Knöpfe annähen, zuerst den Faden im Stoff vernähen. Dann den Knopf auffädeln und die Nadel durch ein anderes Loch im Knopf wieder durch den Stoff stechen. So geht es weiter, bis der Knopf fest genug sitzt. Dann den Faden ein paar Mal um die zwischen Stoff und Knopf laufenden Fäden wickeln und unauffällig im Stoff vernähen. Extra- Tipp: Anfänger können nach den ersten Stichen ein Streichholz zwischen den Knopf und den Stoff klemmen. Dadurch erhält man beim Annähen automatisch den richtigen Abstand.

Aufhänger, welche ausgerissen sind, können problemlos durch Schnürsenkel ersetzt werden. Das passende Stück in der jeweiligen Länge abschneiden und anschließend mit festen Zwirn annähen.

Dicker Stoff, zum Beispiel Jeans, lässt sich leichter durchstechen, wenn man vor Beginn der Arbeit die Nadel in ein Stück Seife steckt. Grundsätzlich kann man die Seife auch generell als nutzen.
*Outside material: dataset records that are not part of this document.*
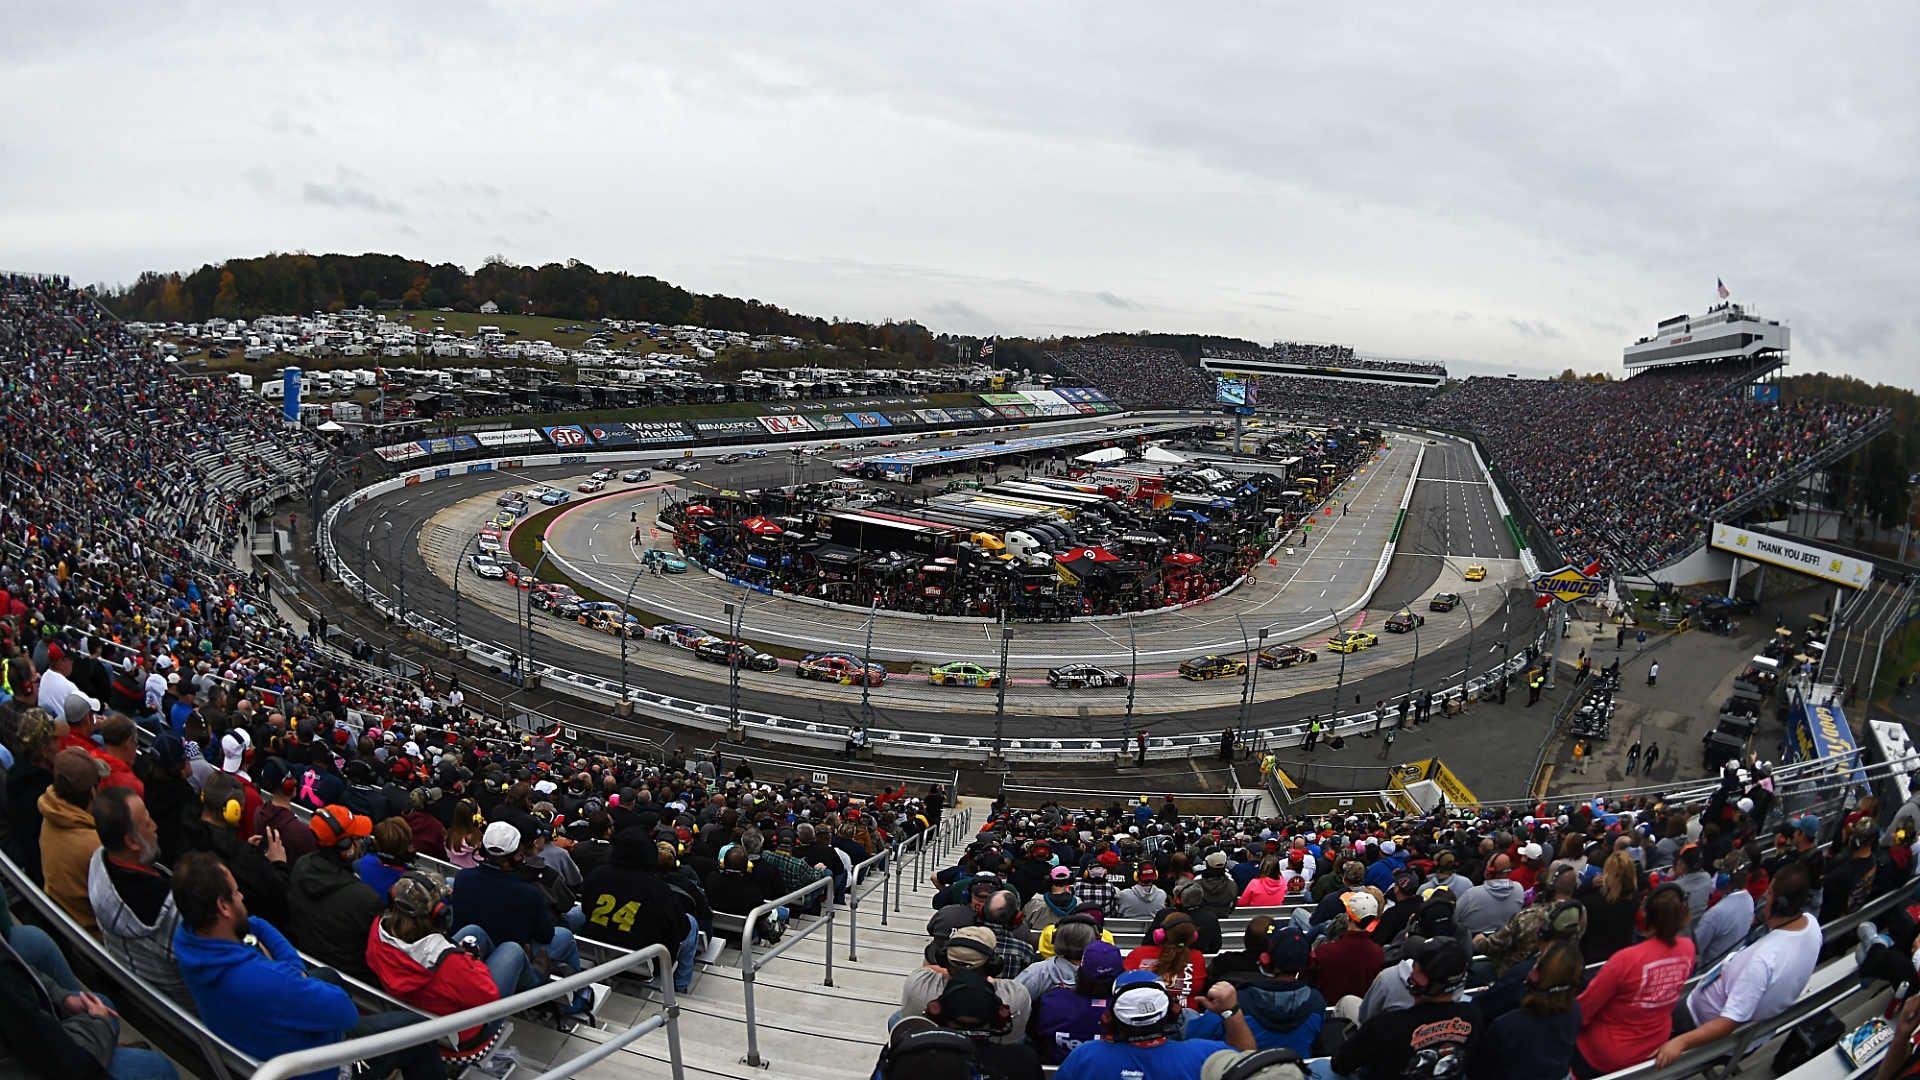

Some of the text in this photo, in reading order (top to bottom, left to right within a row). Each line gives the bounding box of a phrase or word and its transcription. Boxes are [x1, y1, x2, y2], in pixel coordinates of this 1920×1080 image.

[624, 421, 683, 431] Weaver
[637, 428, 685, 438] Media
[708, 421, 757, 430] MAXPRO
[556, 429, 582, 444] STP
[1757, 540, 1820, 566] THANK YOU JEFF!
[1540, 577, 1600, 595] SUNOCO
[590, 893, 642, 932] 24
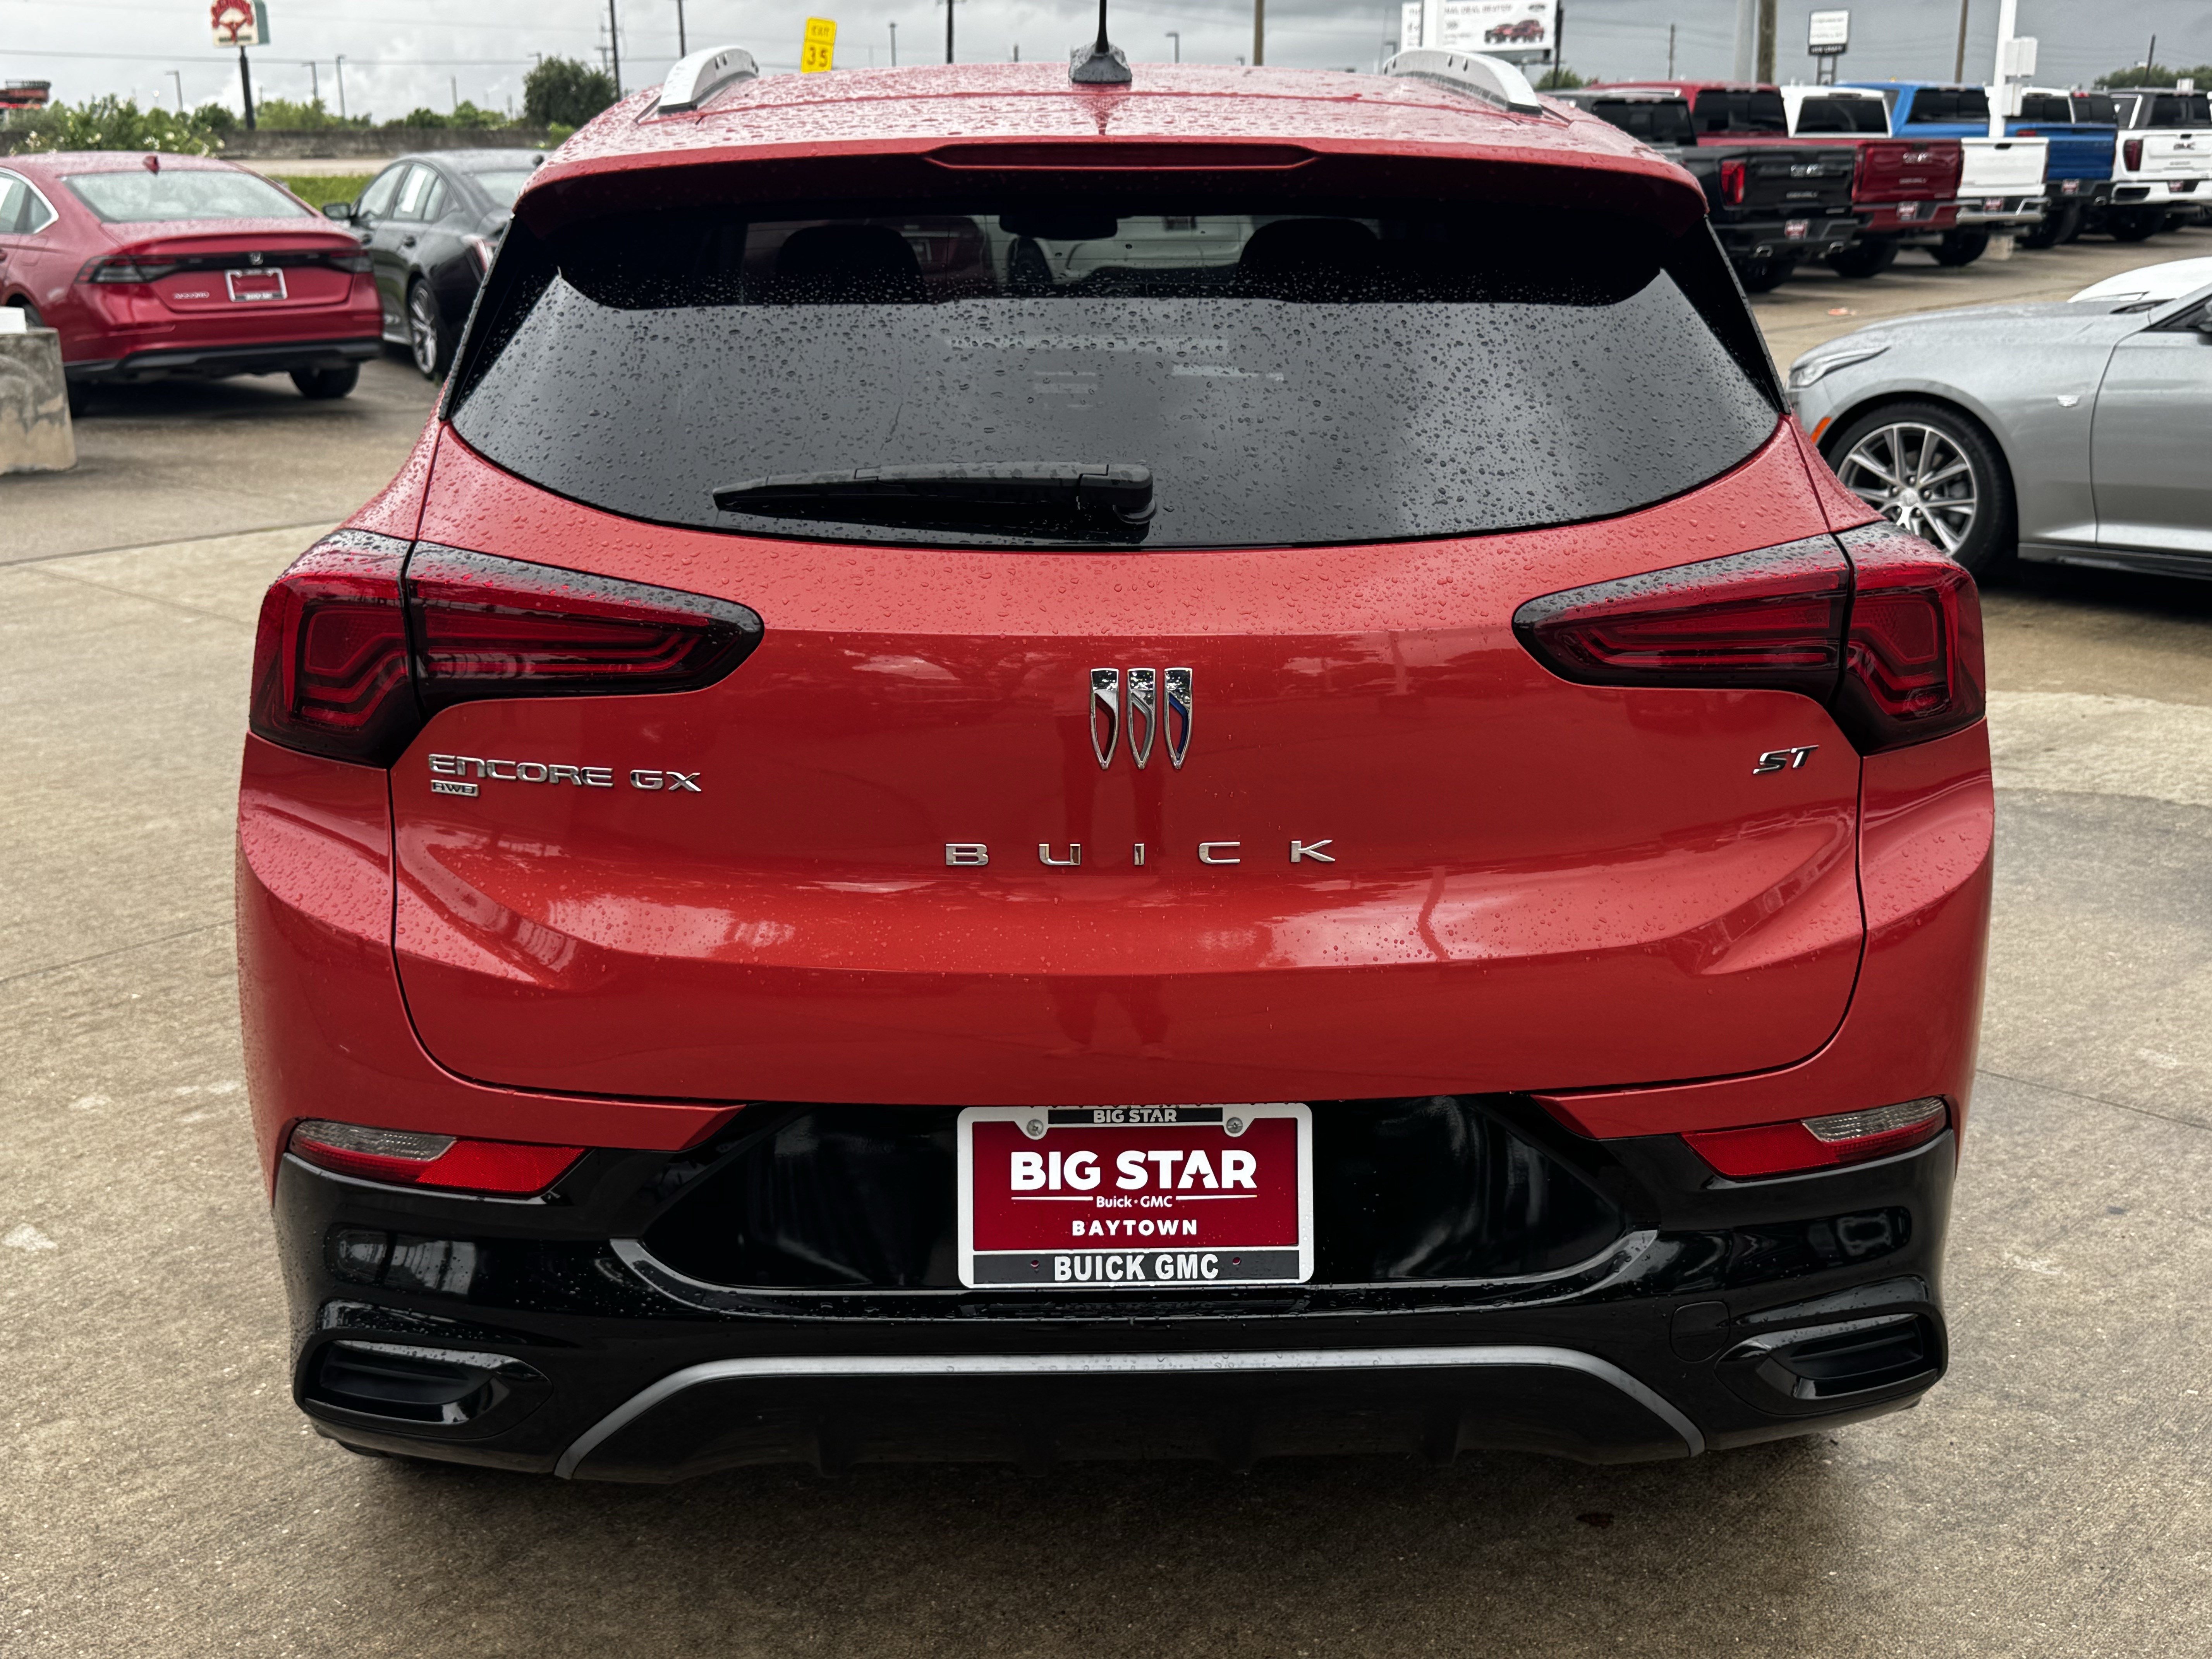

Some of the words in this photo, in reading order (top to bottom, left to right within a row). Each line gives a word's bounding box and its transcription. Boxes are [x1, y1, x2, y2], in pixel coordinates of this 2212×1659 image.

[807, 46, 828, 67] 35
[1753, 744, 1819, 775] ST
[428, 754, 614, 788] ENCORE
[630, 769, 702, 792] GX
[431, 780, 478, 796] AWD
[945, 839, 1336, 866] BUICK
[1093, 1109, 1124, 1123] BIG
[1128, 1109, 1176, 1123] STAR
[1011, 1150, 1101, 1190] BIG
[1116, 1150, 1257, 1190] STAR
[1096, 1195, 1132, 1207] Buick
[1140, 1195, 1173, 1207] GMC
[1072, 1219, 1197, 1236] BAYTOWN
[1054, 1254, 1146, 1281] BUICK
[1155, 1253, 1219, 1279] GMC
Verstreute Nadeln, etwa wenn mal das Nadelkästchen heruntergefallen ist, lassen sich mit einem Magneten schnell und mühelos einsammeln.
Zahnseide ist ein prima Ersatz für Nähseide. Damit angenähte Knöpfe reißen nicht mehr so schnell ab.

Ein Kamm, zwischen Stoff und Knopf geschoben, verhindert, dass beim Knöpfe abtrennen der Stoff beschädigt wird.
Pelzjacken sind nervig beim Knopf annähen, weil die Tierhaare dauernd im Weg sind. Ein Blatt Papier zwischen Knopf und Pelz verhindert das.